**Description of the task:** Please repeat the entries word for word and keep the images out.

**The records:**
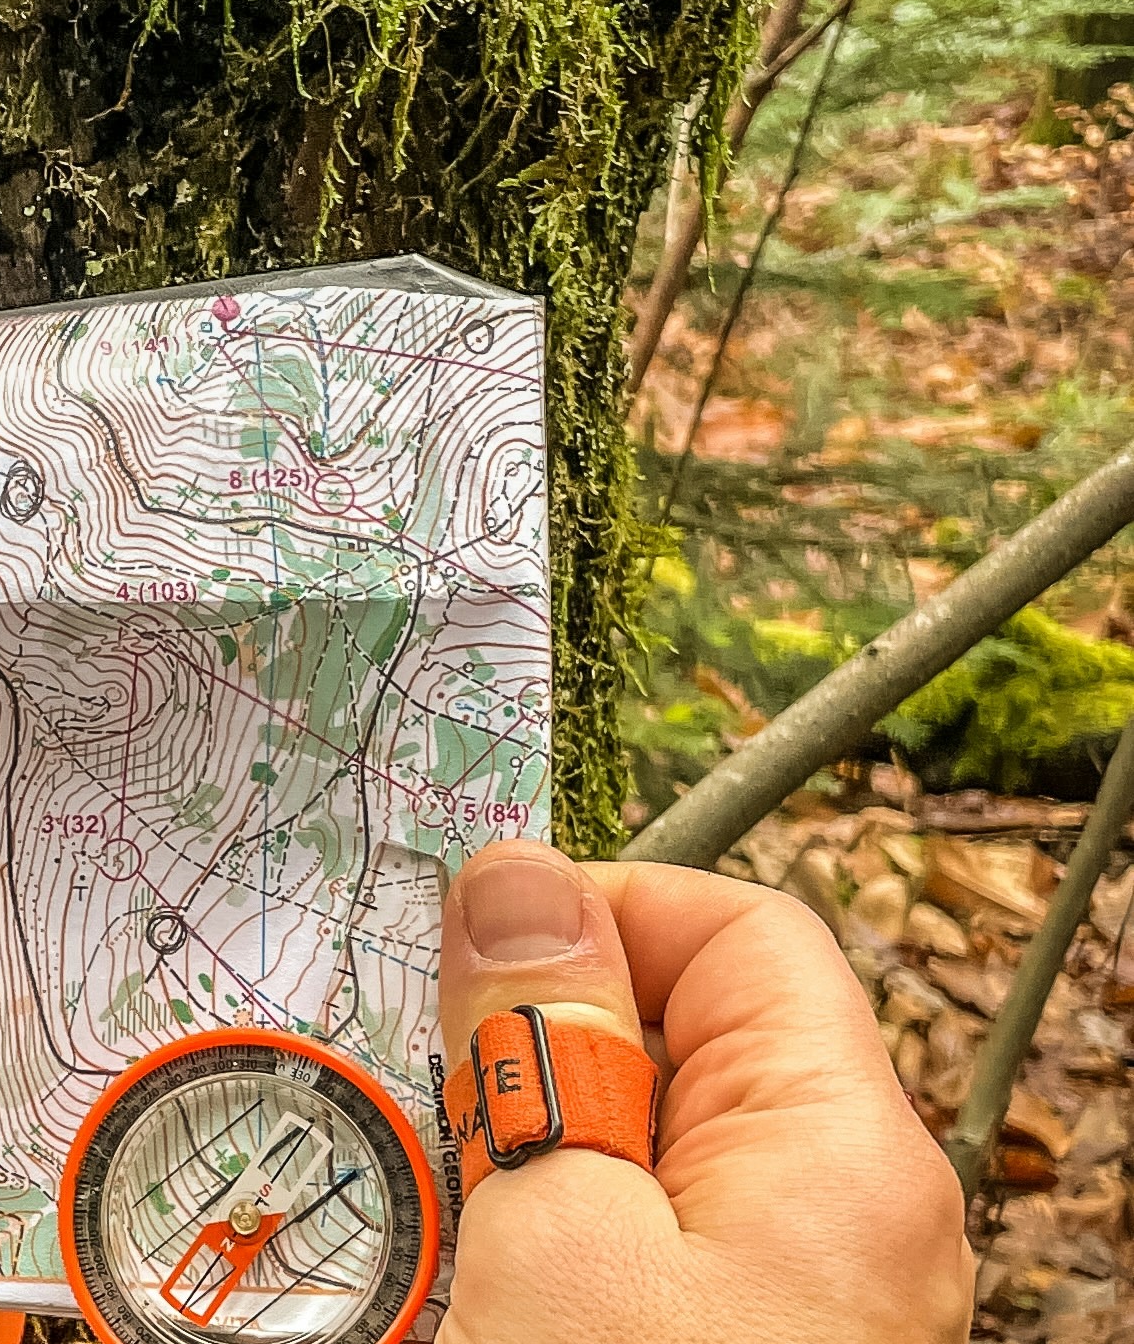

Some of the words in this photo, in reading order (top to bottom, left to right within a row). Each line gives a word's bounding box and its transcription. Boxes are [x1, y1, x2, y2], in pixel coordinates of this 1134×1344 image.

[100, 340, 113, 356] 9
[122, 336, 180, 359] (141)
[229, 470, 243, 490] 8
[251, 467, 311, 493] (125)
[116, 582, 131, 601] 4
[139, 581, 197, 606] (103)
[41, 814, 54, 834] 3
[63, 814, 107, 839] (32)
[463, 803, 476, 823] 5
[485, 802, 529, 829] (84)
[186, 1064, 208, 1077] 290
[211, 1059, 234, 1071] 300
[290, 1066, 311, 1084] 330
[161, 1072, 183, 1089] 280
[259, 1183, 272, 1197] S
[220, 1237, 236, 1252] N
[92, 1255, 109, 1278] 200
[102, 1280, 118, 1302] 190
[116, 1304, 135, 1326] 180

**Output:**
Some of the words in this photo, in reading order (top to bottom, left to right within a row). Each line gives a word's bounding box and its transcription. Boxes are [x1, y1, x2, y2], in pixel coordinates of this 1134×1344 image.

[100, 340, 113, 356] 9
[122, 336, 180, 359] (141)
[229, 470, 243, 490] 8
[251, 467, 311, 493] (125)
[116, 582, 131, 601] 4
[139, 581, 197, 606] (103)
[41, 814, 54, 834] 3
[63, 814, 107, 839] (32)
[463, 803, 476, 823] 5
[485, 802, 529, 829] (84)
[186, 1064, 208, 1077] 290
[211, 1059, 234, 1071] 300
[290, 1066, 311, 1084] 330
[161, 1072, 183, 1089] 280
[259, 1183, 272, 1197] S
[220, 1237, 236, 1252] N
[92, 1255, 109, 1278] 200
[102, 1280, 118, 1302] 190
[116, 1304, 135, 1326] 180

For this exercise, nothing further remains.